Through Gammertingen and Biberach and Memmingen. Mindelheim, Kaufbeuren, and Schöngau. Across my beloved homeland. My ruined and dishonoured and beloved homeland.
Bohr My dear Heisenberg! My dear friend!
Margrethe Silence. The silence we always in the end return to.
Heisenberg And of course I know what they’re thinking about.
Margrethe All those lost children on the road.
Bohr Heisenberg wandering the world like a lost child himself.
Margrethe Our own lost children.
Heisenberg And over goes the tiller once again.
Bohr So near, so near!
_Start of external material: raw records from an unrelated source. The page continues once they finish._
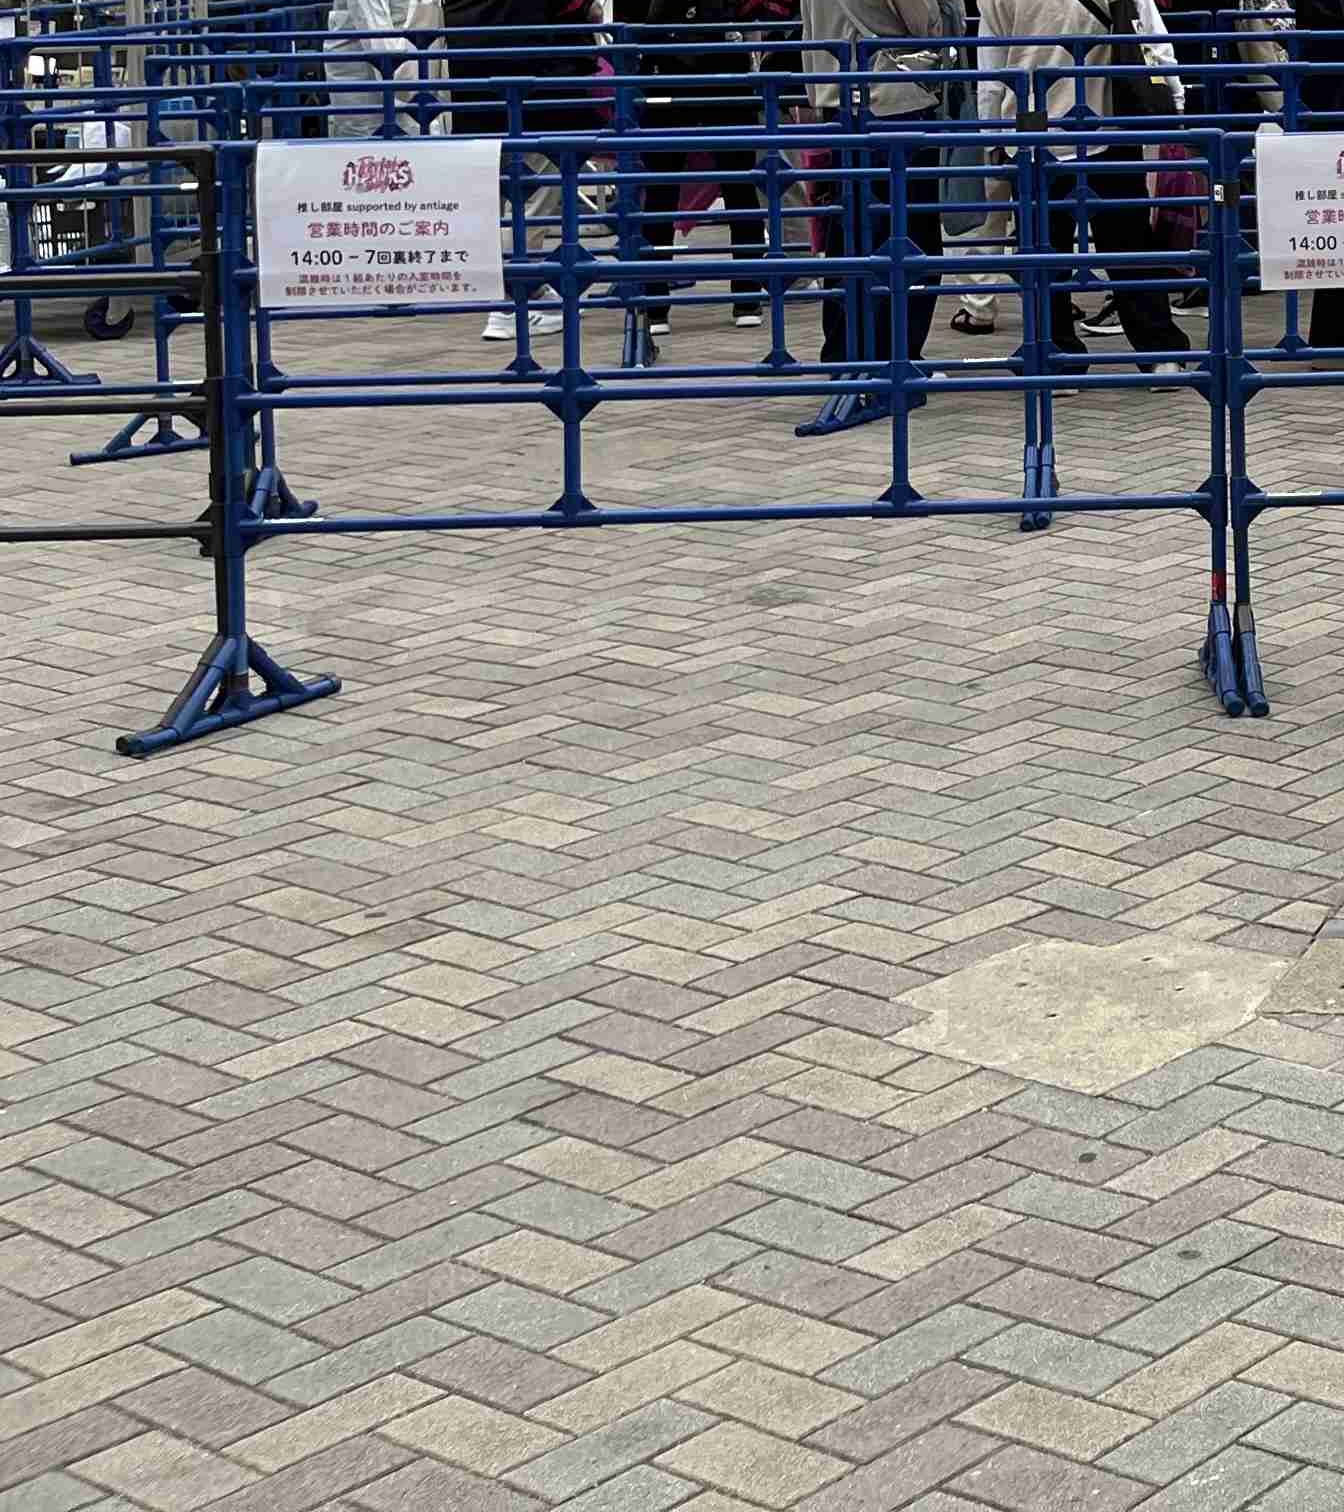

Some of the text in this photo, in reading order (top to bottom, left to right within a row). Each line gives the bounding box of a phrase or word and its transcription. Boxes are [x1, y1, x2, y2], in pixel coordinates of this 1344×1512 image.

[346, 202, 401, 213] supported
[404, 201, 417, 213] by
[419, 200, 459, 212] antiage
[306, 220, 449, 238] 営業時間のご案内
[1289, 235, 1337, 251] 14:00
[290, 249, 343, 266] 14:00
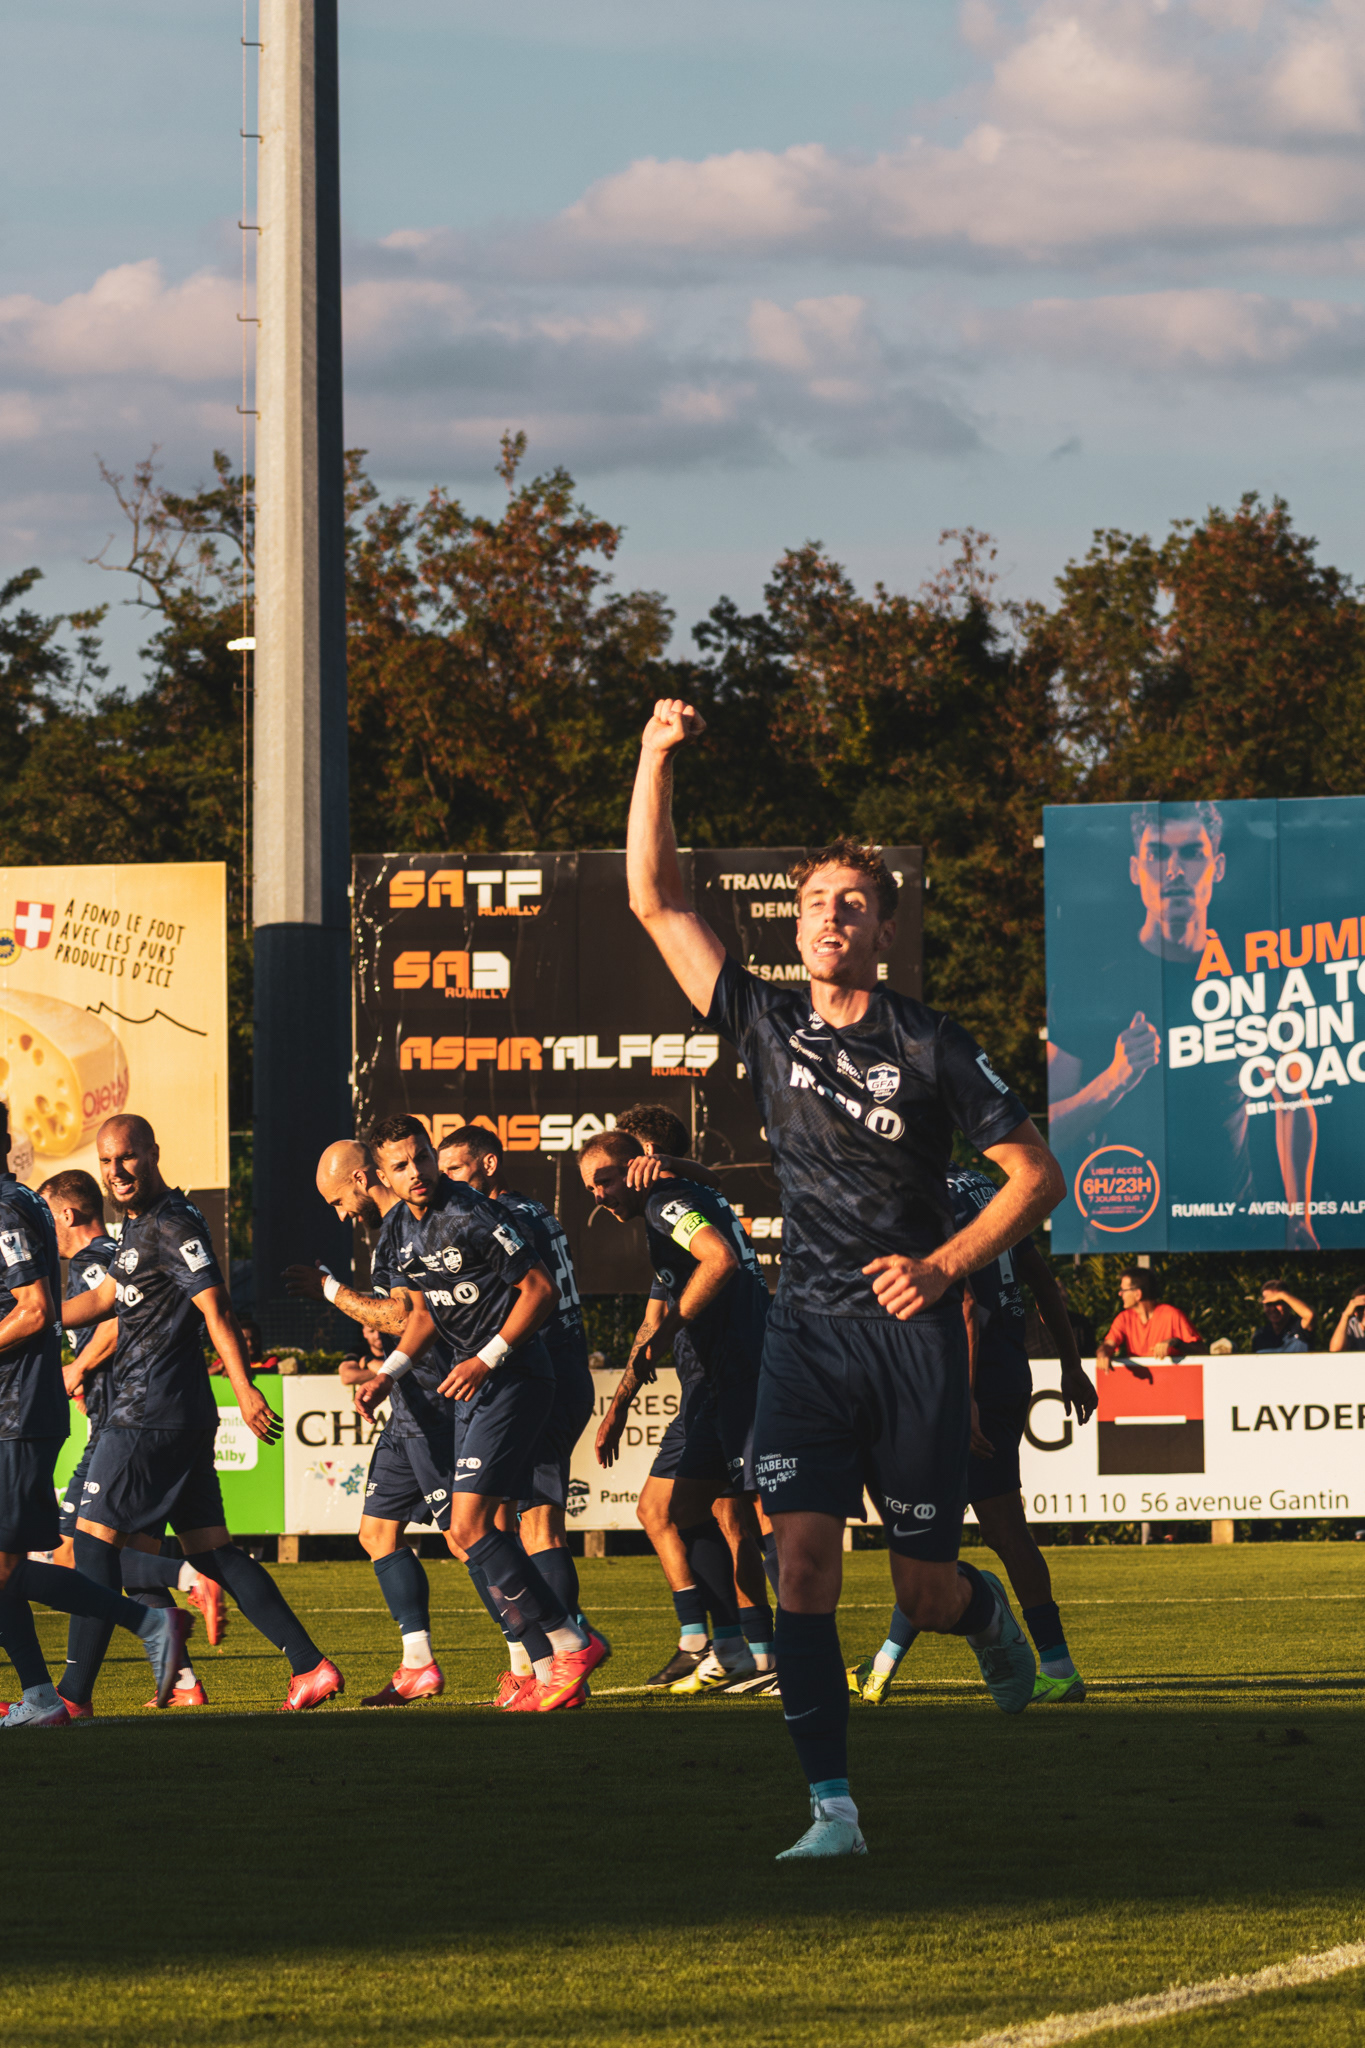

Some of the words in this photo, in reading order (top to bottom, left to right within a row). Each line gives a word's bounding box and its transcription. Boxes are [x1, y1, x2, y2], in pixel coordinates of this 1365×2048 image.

[389, 869, 542, 908] SATP
[718, 873, 799, 891] TRAVAU
[478, 905, 541, 916] RUMILLY
[751, 903, 800, 918] DEMO
[64, 897, 75, 918] A
[81, 902, 120, 928] FOND
[126, 912, 142, 933] LE
[147, 918, 186, 945] FOOT
[59, 920, 99, 947] AVEC
[105, 931, 132, 955] LES
[138, 940, 176, 966] PURS
[1195, 928, 1233, 981] À
[54, 943, 126, 977] PRODUITS
[132, 961, 173, 988] D'ICI
[445, 987, 509, 999] RUMILLY
[1191, 972, 1266, 1022] ON
[1277, 967, 1316, 1011] A
[1168, 1001, 1355, 1069] BESOIN
[651, 1067, 708, 1077] RUMILLY
[871, 1080, 895, 1089] GFA
[1091, 1167, 1114, 1176] LIBRE
[1116, 1166, 1143, 1175] ACCÈS
[1082, 1177, 1152, 1195] 6H/23H
[1088, 1195, 1094, 1203] 7
[1095, 1195, 1122, 1203] JOURS
[1123, 1194, 1141, 1202] SUR
[1142, 1194, 1147, 1202] 7
[1171, 1202, 1236, 1217] RUMILLY
[1247, 1201, 1304, 1216] AVENUE
[1307, 1200, 1337, 1215] DES
[1340, 1200, 1365, 1214] ALP
[296, 1410, 389, 1448] CHA
[220, 1432, 236, 1444] du
[215, 1450, 246, 1464] Alby
[600, 1489, 639, 1503] Parte
[1099, 1492, 1126, 1514] 10
[1141, 1491, 1169, 1513] 56
[1175, 1494, 1262, 1513] avenue
[1268, 1488, 1350, 1512] Gantin
So slight a thing!
Margrethe He stands in the doorway, watching me, then he turns his head away …
Heisenberg And once again away he goes, into the dark waters.
Bohr Before we can lay our hands on anything, our life’s over.
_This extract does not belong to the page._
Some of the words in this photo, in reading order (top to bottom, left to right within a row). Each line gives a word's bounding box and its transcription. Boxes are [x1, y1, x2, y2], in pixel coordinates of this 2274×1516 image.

Heisenberg Before we can glimpse who or what we are, we’re gone and laid to dust.
Bohr Settled among all the dust we raised.
Margrethe And sooner or later there will come a time when all our children are laid to dust, and all our children’s children.
Bohr When no more decisions, great or small, are ever made again. When there’s no more uncertainty, because there’s no more knowledge.
Margrethe And when all our eyes are closed, when even the ghosts have gone, what will be left of our beloved world? Our ruined and dishonoured and beloved world?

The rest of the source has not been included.